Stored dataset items
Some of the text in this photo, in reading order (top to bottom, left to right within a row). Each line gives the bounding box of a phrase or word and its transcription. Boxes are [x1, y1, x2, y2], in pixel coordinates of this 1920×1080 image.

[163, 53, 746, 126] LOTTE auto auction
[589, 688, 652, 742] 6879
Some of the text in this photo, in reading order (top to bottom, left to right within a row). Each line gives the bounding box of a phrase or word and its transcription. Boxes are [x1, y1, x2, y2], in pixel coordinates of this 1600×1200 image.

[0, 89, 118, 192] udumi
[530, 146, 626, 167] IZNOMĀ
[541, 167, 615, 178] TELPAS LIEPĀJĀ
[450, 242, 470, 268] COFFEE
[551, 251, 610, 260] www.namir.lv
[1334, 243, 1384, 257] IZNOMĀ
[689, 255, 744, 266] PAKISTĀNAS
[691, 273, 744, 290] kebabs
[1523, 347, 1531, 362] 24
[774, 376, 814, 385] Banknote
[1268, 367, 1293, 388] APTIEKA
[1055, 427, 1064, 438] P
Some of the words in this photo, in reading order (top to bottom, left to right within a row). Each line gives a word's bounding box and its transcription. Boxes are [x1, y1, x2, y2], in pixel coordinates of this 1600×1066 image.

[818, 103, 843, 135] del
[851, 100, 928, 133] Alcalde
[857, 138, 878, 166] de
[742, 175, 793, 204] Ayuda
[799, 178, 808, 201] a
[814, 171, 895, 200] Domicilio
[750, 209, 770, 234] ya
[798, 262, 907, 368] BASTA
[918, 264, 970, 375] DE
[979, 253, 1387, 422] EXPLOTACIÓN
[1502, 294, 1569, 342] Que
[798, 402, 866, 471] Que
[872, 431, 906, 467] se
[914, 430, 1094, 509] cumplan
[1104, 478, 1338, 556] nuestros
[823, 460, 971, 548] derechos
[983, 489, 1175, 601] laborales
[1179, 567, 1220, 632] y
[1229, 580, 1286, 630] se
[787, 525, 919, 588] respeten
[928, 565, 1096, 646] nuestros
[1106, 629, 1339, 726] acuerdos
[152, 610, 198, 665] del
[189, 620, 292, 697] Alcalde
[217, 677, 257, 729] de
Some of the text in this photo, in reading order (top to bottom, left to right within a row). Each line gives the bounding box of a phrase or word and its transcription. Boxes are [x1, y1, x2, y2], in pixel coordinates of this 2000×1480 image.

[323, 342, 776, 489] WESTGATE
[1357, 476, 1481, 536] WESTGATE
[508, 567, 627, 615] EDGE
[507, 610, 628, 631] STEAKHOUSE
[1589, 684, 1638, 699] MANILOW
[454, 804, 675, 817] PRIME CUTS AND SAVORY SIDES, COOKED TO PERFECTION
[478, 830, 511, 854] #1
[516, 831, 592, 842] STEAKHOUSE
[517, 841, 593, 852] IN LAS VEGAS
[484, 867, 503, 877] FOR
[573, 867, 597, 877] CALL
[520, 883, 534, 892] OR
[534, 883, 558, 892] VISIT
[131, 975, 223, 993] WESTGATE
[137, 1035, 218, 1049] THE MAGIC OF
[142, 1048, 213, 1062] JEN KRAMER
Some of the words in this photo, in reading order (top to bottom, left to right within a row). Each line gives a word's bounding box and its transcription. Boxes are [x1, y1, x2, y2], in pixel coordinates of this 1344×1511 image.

> [What the task requires]
Set down the entries above once more, verbatim.

> [Task result]
Some of the text in this photo, in reading order (top to bottom, left to right within a row). Each line gives the bounding box of a phrase or word and its transcription. Boxes are [x1, y1, x2, y2], in pixel coordinates of this 1920×1080 image.

[163, 53, 746, 126] LOTTE auto auction
[589, 688, 652, 742] 6879
Some of the text in this photo, in reading order (top to bottom, left to right within a row). Each line gives the bounding box of a phrase or word and its transcription. Boxes are [x1, y1, x2, y2], in pixel coordinates of this 1600×1200 image.

[0, 89, 118, 192] udumi
[530, 146, 626, 167] IZNOMĀ
[541, 167, 615, 178] TELPAS LIEPĀJĀ
[450, 242, 470, 268] COFFEE
[551, 251, 610, 260] www.namir.lv
[1334, 243, 1384, 257] IZNOMĀ
[689, 255, 744, 266] PAKISTĀNAS
[691, 273, 744, 290] kebabs
[1523, 347, 1531, 362] 24
[774, 376, 814, 385] Banknote
[1268, 367, 1293, 388] APTIEKA
[1055, 427, 1064, 438] P
Some of the words in this photo, in reading order (top to bottom, left to right within a row). Each line gives a word's bounding box and its transcription. Boxes are [x1, y1, x2, y2], in pixel coordinates of this 1600×1066 image.

[818, 103, 843, 135] del
[851, 100, 928, 133] Alcalde
[857, 138, 878, 166] de
[742, 175, 793, 204] Ayuda
[799, 178, 808, 201] a
[814, 171, 895, 200] Domicilio
[750, 209, 770, 234] ya
[798, 262, 907, 368] BASTA
[918, 264, 970, 375] DE
[979, 253, 1387, 422] EXPLOTACIÓN
[1502, 294, 1569, 342] Que
[798, 402, 866, 471] Que
[872, 431, 906, 467] se
[914, 430, 1094, 509] cumplan
[1104, 478, 1338, 556] nuestros
[823, 460, 971, 548] derechos
[983, 489, 1175, 601] laborales
[1179, 567, 1220, 632] y
[1229, 580, 1286, 630] se
[787, 525, 919, 588] respeten
[928, 565, 1096, 646] nuestros
[1106, 629, 1339, 726] acuerdos
[152, 610, 198, 665] del
[189, 620, 292, 697] Alcalde
[217, 677, 257, 729] de
Some of the text in this photo, in reading order (top to bottom, left to right within a row). Each line gives the bounding box of a phrase or word and its transcription. Boxes are [x1, y1, x2, y2], in pixel coordinates of this 2000×1480 image.

[323, 342, 776, 489] WESTGATE
[1357, 476, 1481, 536] WESTGATE
[508, 567, 627, 615] EDGE
[507, 610, 628, 631] STEAKHOUSE
[1589, 684, 1638, 699] MANILOW
[454, 804, 675, 817] PRIME CUTS AND SAVORY SIDES, COOKED TO PERFECTION
[478, 830, 511, 854] #1
[516, 831, 592, 842] STEAKHOUSE
[517, 841, 593, 852] IN LAS VEGAS
[484, 867, 503, 877] FOR
[573, 867, 597, 877] CALL
[520, 883, 534, 892] OR
[534, 883, 558, 892] VISIT
[131, 975, 223, 993] WESTGATE
[137, 1035, 218, 1049] THE MAGIC OF
[142, 1048, 213, 1062] JEN KRAMER
Some of the words in this photo, in reading order (top to bottom, left to right within a row). Each line gives a word's bounding box and its transcription. Boxes are [x1, y1, x2, y2], in pixel coordinates of this 1344×1511 image.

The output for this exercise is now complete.